There can come a time in your financial journey when you feel the need for an expert who helps you, or in other words, a trusted financial adviser. This article will share some insights on the right kind of financial advisor you should select and some tips on selecting the right one for your needs.
Who is a financial adviser, anyway?
Let’s get this straight: The financial adviser that we talk about in this article is the one who is a fiduciary or, in simple words, a person that puts YOU first. She charges a fee for her advice and does not earn by way of commissions on financial products. As a result, their advice is unbiased and in your best long-term interest.
In a welcome development, a few years back, SEBI brought out the Investment Adviser Regulations. As per the Regulations, financial advisers who want to charge for financial advice need to register with SEBI. They have to bring specific qualifications and experience and follow an exhaustive list of compliances. Such people are issued a license from SEBI as a “Registered Investment Adviser (RIA)”.
The value of having a good financial adviser
An ideal financial advisor is more of a trusted friend, coach, mentor and guide. She does not preach and teach but guides and counsels you from time to time when you feel stuck in your financial journey. She supports you in difficult market conditions to not fall into the valleys of fear and greed and helps you stick to your investment plan. Most importantly, the financial adviser creates a personalized financial plan for you. The process involves mainly the following activities:
- Organize your investments, which are spread out here and there, in one place.
- Performing your risk profiling and helping you decide on your asset allocation
- Decoding your monthly cash flow pattern and charting a savings plan
- Mapping your risks to the existing insurances that you have and suggesting measures to bridge the gap
- Estimating the future cost of the financial goals and create customized investment plans for each financial goal
- Give you a clear action plan on which scheme to invest in and how much to invest per month
- Assist you in setting up your recurring investments (for example, SIP)

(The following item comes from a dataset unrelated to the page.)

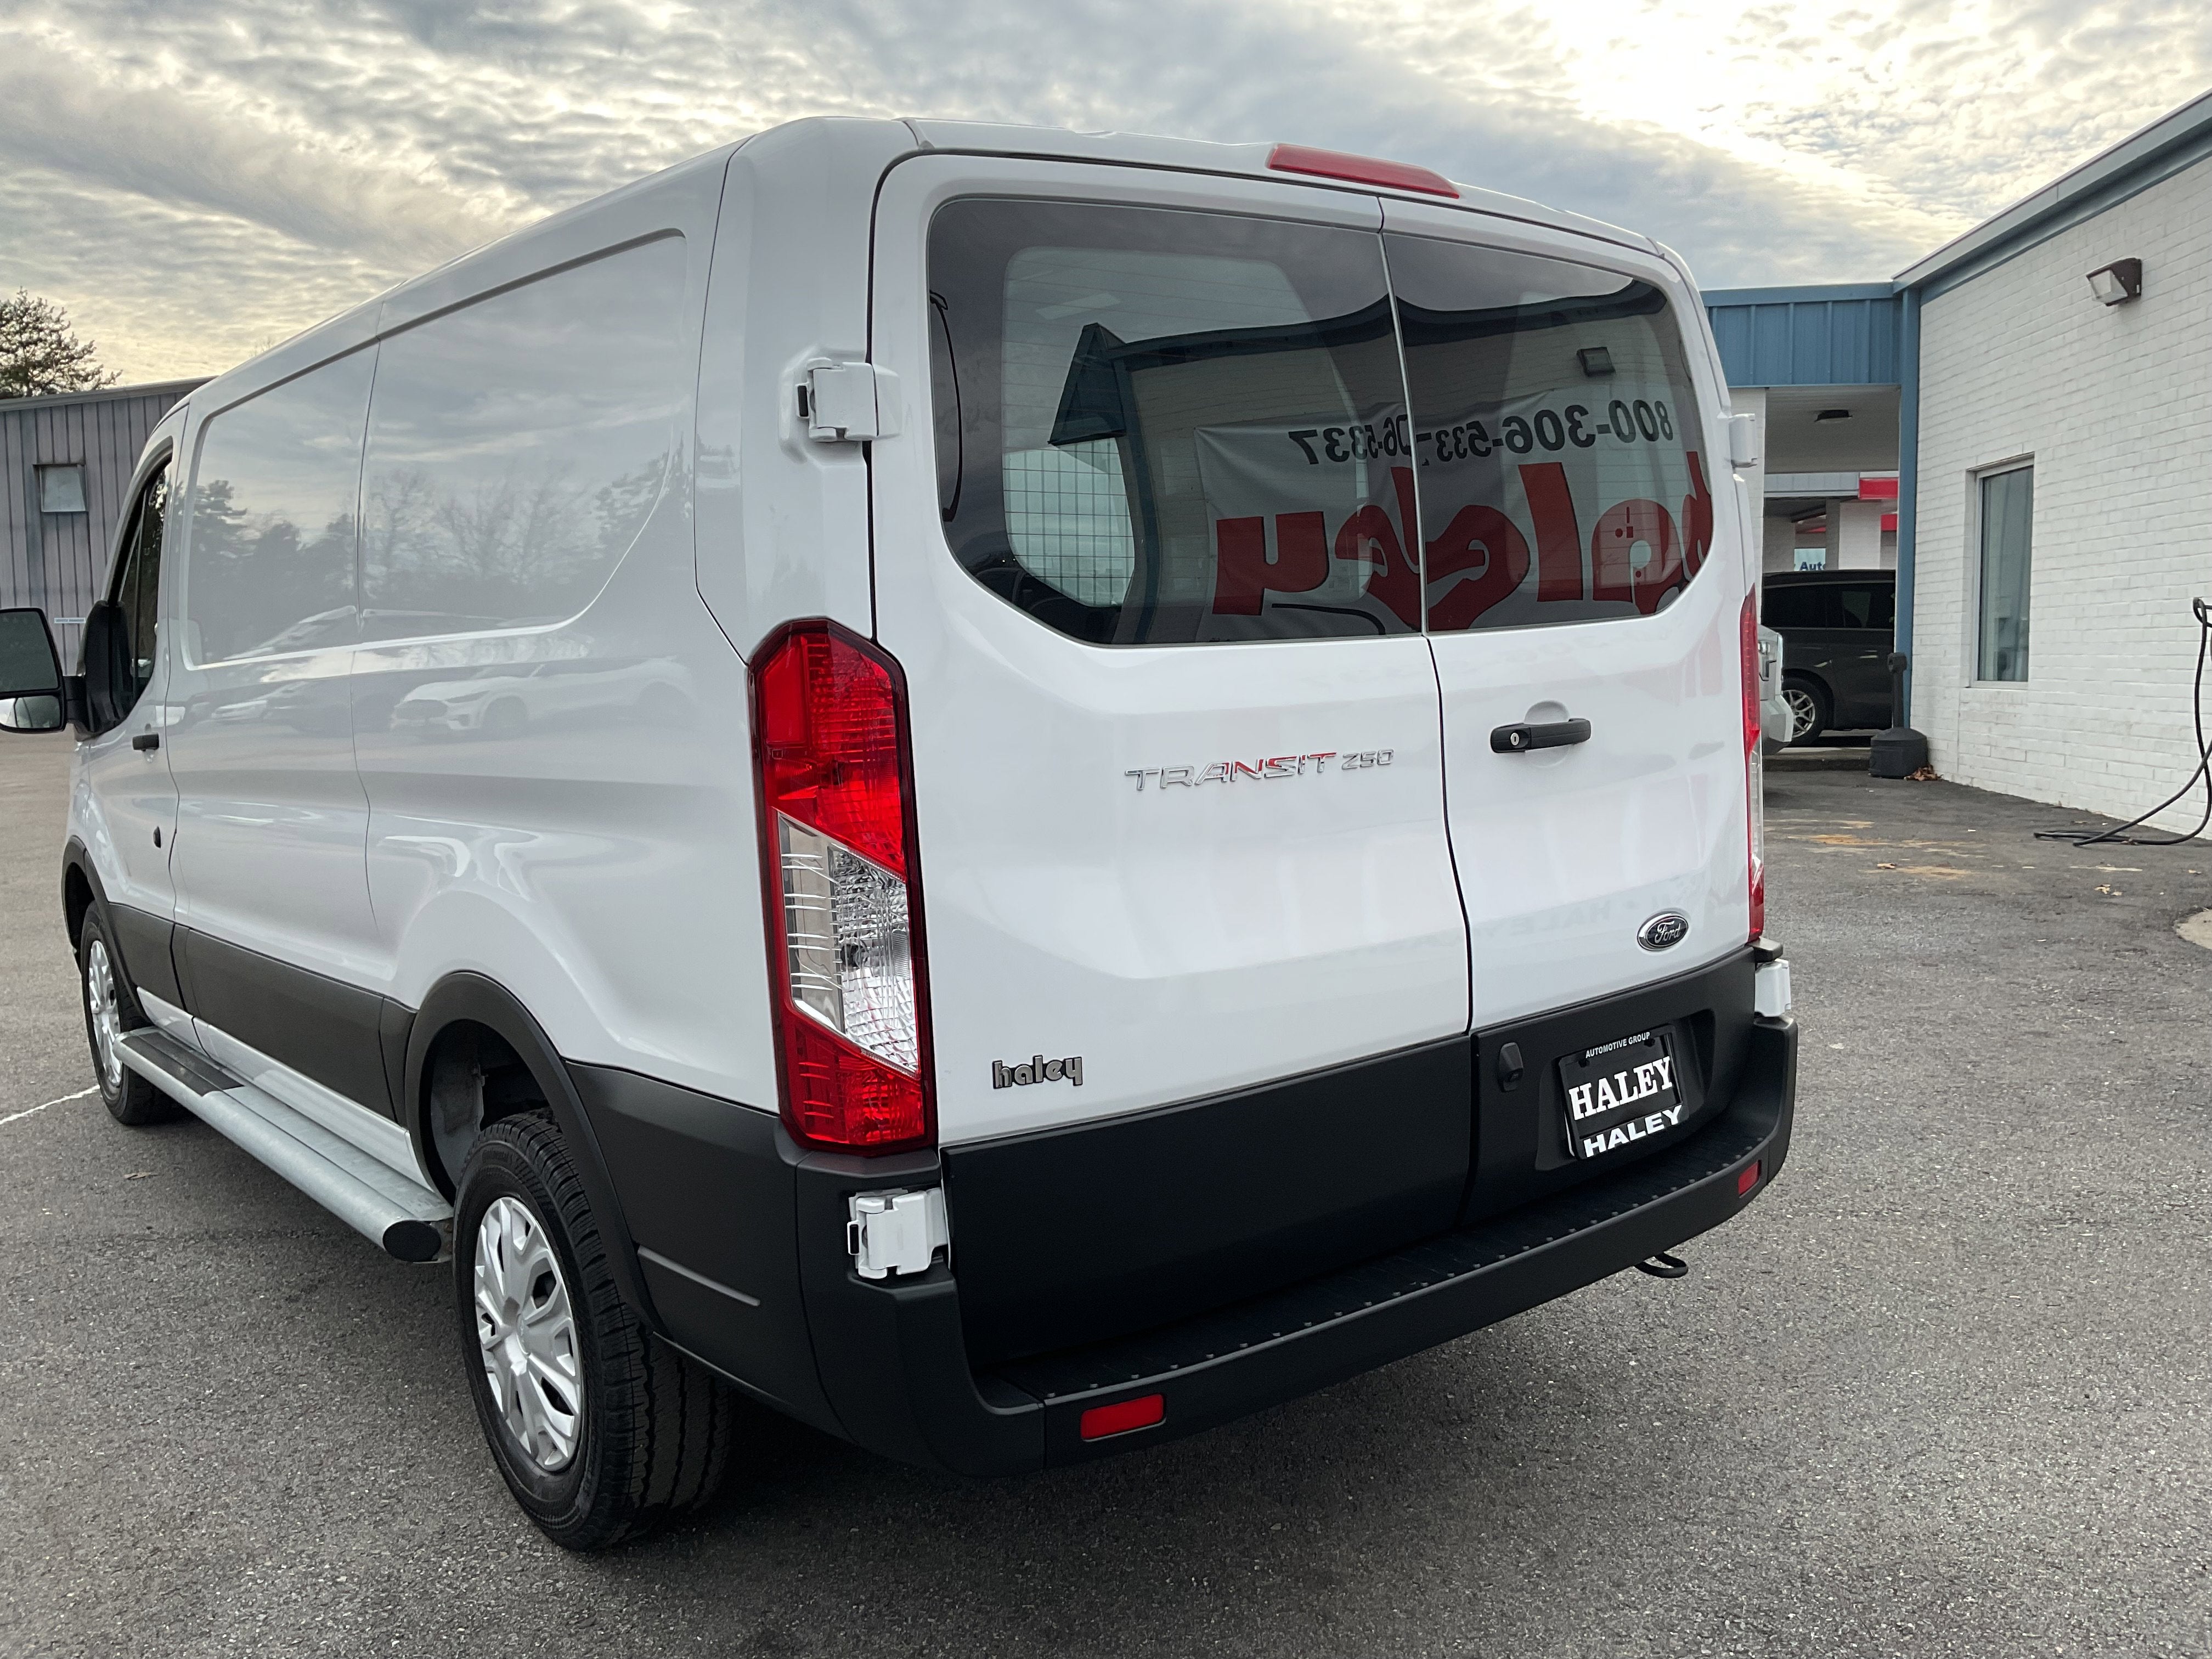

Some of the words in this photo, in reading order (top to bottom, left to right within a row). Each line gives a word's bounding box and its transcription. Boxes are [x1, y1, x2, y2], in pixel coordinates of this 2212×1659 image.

- Do a periodic review of the financial plan
The stage when you should consider hiring a financial adviser
Now, this is not very difficult stuff. The internet is full of helpful stuff to help you learn and grow your financial knowledge. If you spend some dedicated time and effort, you can identify, say, 2-3 good mutual fund schemes and start investing in those, and you are done.
However, as you progress in your career and life, you become busy – getting married, starting a family, taking up newer responsibilities at work etc. Your monthly savings rise along with a rise in your income. For most people, this happens around 30—35 years of age.
In our view, this is an ideal time window for signing up a financial adviser. This is because this is the window where you need to make some long-term financial decisions. Having a good financial adviser by your side at this time can save you from losing money in costly financial mistakes in the long run.
Tips on selecting the right financial adviser
- Look up her website and social media pages to check her reputation and credibility.
- Check her education, experience and certifications and be registered with SEBI as “Investment Adviser”. You can also visit the SEBI website to cross-check the details.
- Have a face-to-face conversation with her, either in person or over a video call. Does she sound knowledgeable and, more importantly, trustworthy? Would she be someone with whom you are comfortable to open up on your financial worries and past mistakes?
- Take good time to understand the scope of the engagement, her investing philosophy, the frequency of reviews etc. Get this written in a signed contract to avoid confusion at a later stage.
- Get a clear idea of the fee model. For example, will she charge a flat fee or a percentage of your assets under management (AUM)?